Diffusion: Data-Efficient Framework Outshining Autoregressives on Scarce Data
Diffusion is a training framework—not architecture—that creates extra samples by gradually noising clean data over 1,000 steps, outperforming autoregressives on 25-100M tokens where data is limited but compute abundant; lags in text due to slow inference and infrastructure.

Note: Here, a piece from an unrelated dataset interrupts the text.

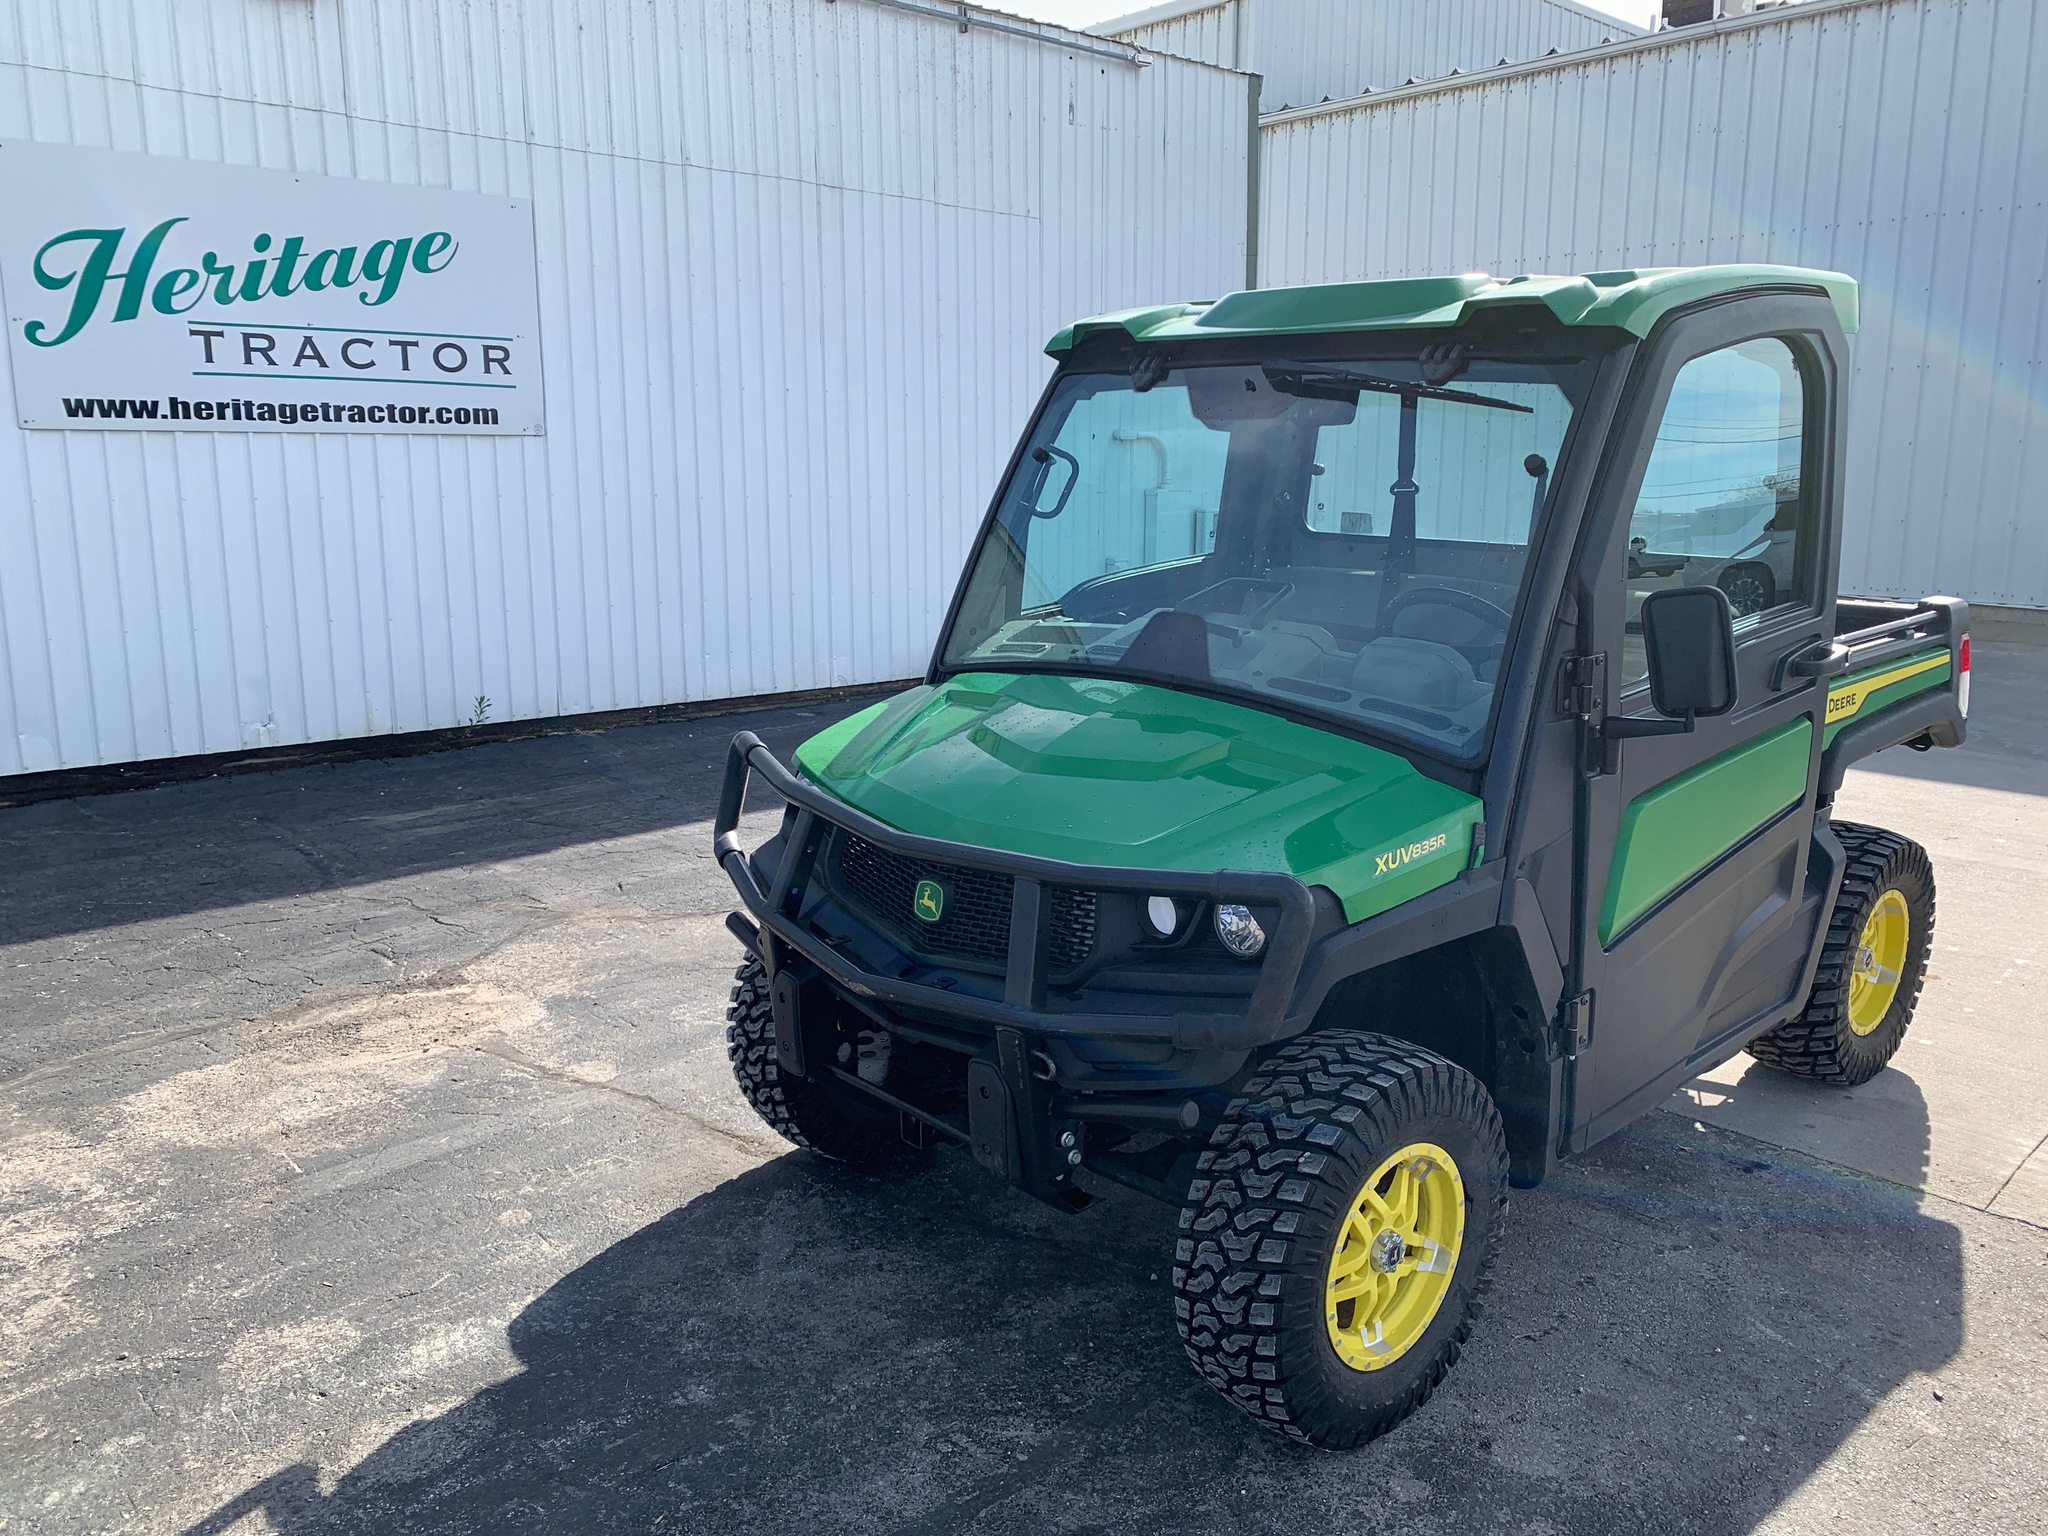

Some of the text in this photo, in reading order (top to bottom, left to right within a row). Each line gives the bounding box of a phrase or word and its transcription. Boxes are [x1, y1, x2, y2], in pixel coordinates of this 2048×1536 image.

Diffusion Framework Generates Data from Noise for Efficiency
Diffusion models treat generation as reversing a noising process: start with clean data like images, add Gaussian noise over 1,000 gradual steps until pure noise, creating thousands of augmented samples from one input. Train the model to predict added noise at each timestep (post-2020 DDPM objective), enabling data efficiency. On charts comparing losses, diffusion converges slower but achieves lower final loss than autoregressives when repeating 25-100M tokens—ideal for scarce data, abundant compute scenarios. Unlike autoregressives parsing left-to-right, diffusion handles any order, acting as a superset. Implement with any architecture, including transformers (e.g., DiT), since it's orthogonal: defines training (noise addition/removal), data production, and inference process, not weights connection.
This borrows physical diffusion (high-to-low concentration), formalized via continuous-time differential equations (Stanford approach) over discrete Markov chains, leveraging centuries of math for intuitive probability sampling via KL divergence between distributions. Outcome: from one image, derive 1,000 noisy variants; model learns noise level per step via scheduling, maximizing limited datasets.
Historical Advances Tackle Slow Inference
Originating in 2015's "Deep Unsupervised Learning using Non-Equilibrium Thermodynamics" paper (post-GANs, pre-"Attention is All You Need"), diffusion targeted images, not text. Slow adoption due to math-heavy entry barrier. Breakthrough in 2020 DDPM paper redefined objective to noise prediction (vs. mean/covariance), simplifying training. DDIM improved scheduling; 2022 Stable Diffusion scaled models for viable results. Recent flow matching drops inference from hundreds/thousands steps to a few, slashing compute—during training, retain original for guidance, but inference demands full reversal without it.
Early Markov chains forced every step; continuous math unlocked skips. Result: faster sampling, e.g., Mercury hits 1,000+ tokens/second vs. autoregressive bottlenecks.
Trade-offs: Excels in Images, Trails Text Autoregressives
Strengths shine data-starved: multiple noise levels yield varied viewpoints from one sample. But inference inefficiency (1,000 steps originally) and text embedding mismatches hinder vs. GPT-3 (2020), trained on 10T+ tokens with optimized kernels (vLLM, SGLang autoregression-focused). Less R&D time/infrastructure for diffusion text models like Mercury, despite speed potential. Nvidia Grok-3-like SRMs now match throughput. Yan LeCun calls autoregressives inferior theoretically, yet dominance persists via data/compute abundance, text maturity. Use diffusion for low-data image/video gen; autoregressives scale better on massive text corpora.